Now the bell is ringing and you stand up and you have an uneasy feeling of Déjà vu, maybe because you do this same process five times a week, eight times a day for years now. It’s so tedious, the motions they make you take. You don’t even know who they are but you’re angry at them, really angry, because you don’t like the system but it’s been this way forever and it would probably be stupid to change and worst of all you can’t think of a way to replace this old system so really you’re just some dumb teenager complaining.
You friend Lane is coming up to you now. Lane is a good person she really is, but she tries too hard. She never wears the same thing twice and grounds herself when she gets less than an A. She’s telling you that she saw Sam today, and for a moment you forget who Sam is, but then you remember. He is the boy of the week that she likes. She likes to use words like hot and sexy to describe him, and you decide not to ask her if any other words come to mind when she talks to him like smart or funny and thoughtful. But, then you remember she hasn’t actually ever talked to him, so it’s all in vain.
Lane is gone now; back to one of her many AP classes. She ‘s smart because she’s in them. At least, that’s what everyone thinks. Lane can’t make a decision for her life, even little ones like whether to get French fries or a BLT for lunch, and she doesn’t really know anything beyond what nuclear decay is and how long the Byzantine Empire lasted. But, she’s in honors classes. She’s smart. That’s what everyone thinks, after all.
You reach the bathroom and relief floods you because you don’t have to be in the halls anymore. The halls are possibly the worst part of your day, besides the cafeteria and math class and the bus. It’s definitely up there.
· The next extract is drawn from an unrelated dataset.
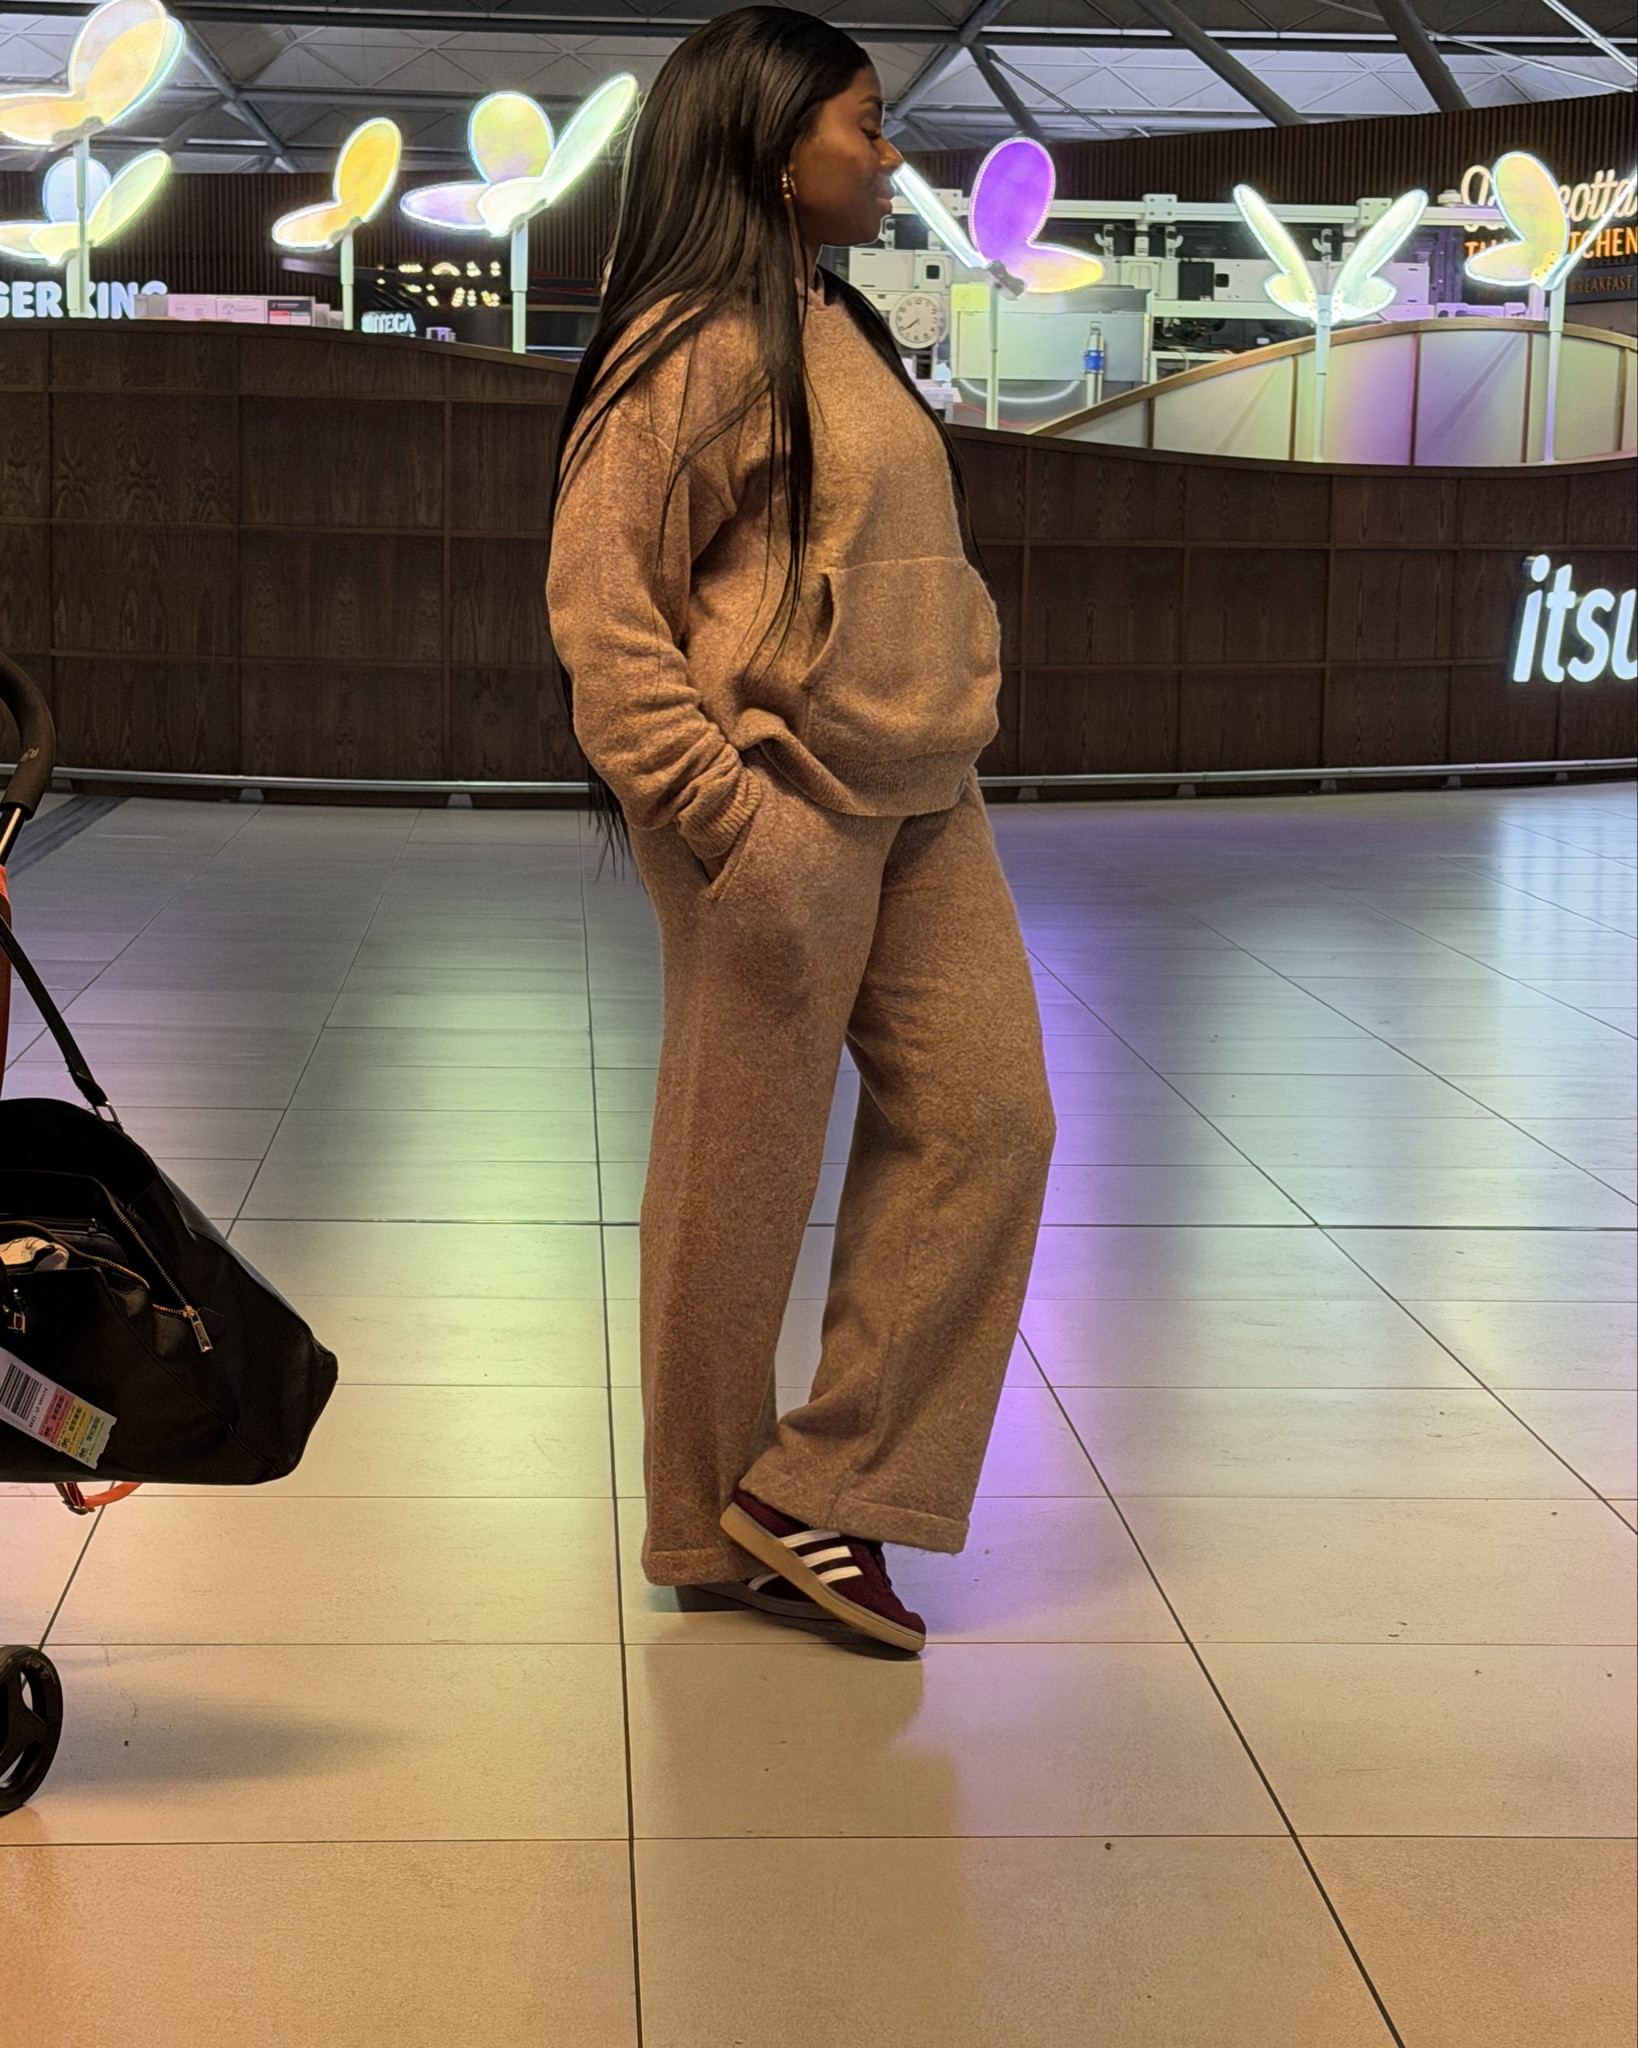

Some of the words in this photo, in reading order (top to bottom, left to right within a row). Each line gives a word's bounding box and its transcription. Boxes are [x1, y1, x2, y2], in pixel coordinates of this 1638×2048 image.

[1569, 226, 1638, 260] TCHEN
[1568, 274, 1633, 294] EAKFAST
[1513, 554, 1638, 682] itsu
You’re in the bathroom now and you close yourself into a stall so small it’s almost suffocating. But, that’s OK because you are taking out your razor and it’s slightly crusted with blood, and your heart is beating fast. That’s what you can count on, your razor or your scissor, or your X-acto knife which you stole from the art room two months ago. Whenever dread fills up your body and the screaming voices all around your make your pulse speed up, you can encase yourself within a glass wall of silence and focus only on the smooth sharpness of your weapon. A razor is your favorite.
You blow on it like you always do, not for any special reason, but just because you’ve seen people do it in movies with a gun.
You draw it across your wrist and bite your lip. Blood seeps from the long, skinny cut.
You breathe for possibly the first time all day.
Right now is, for certain, the best part of your day.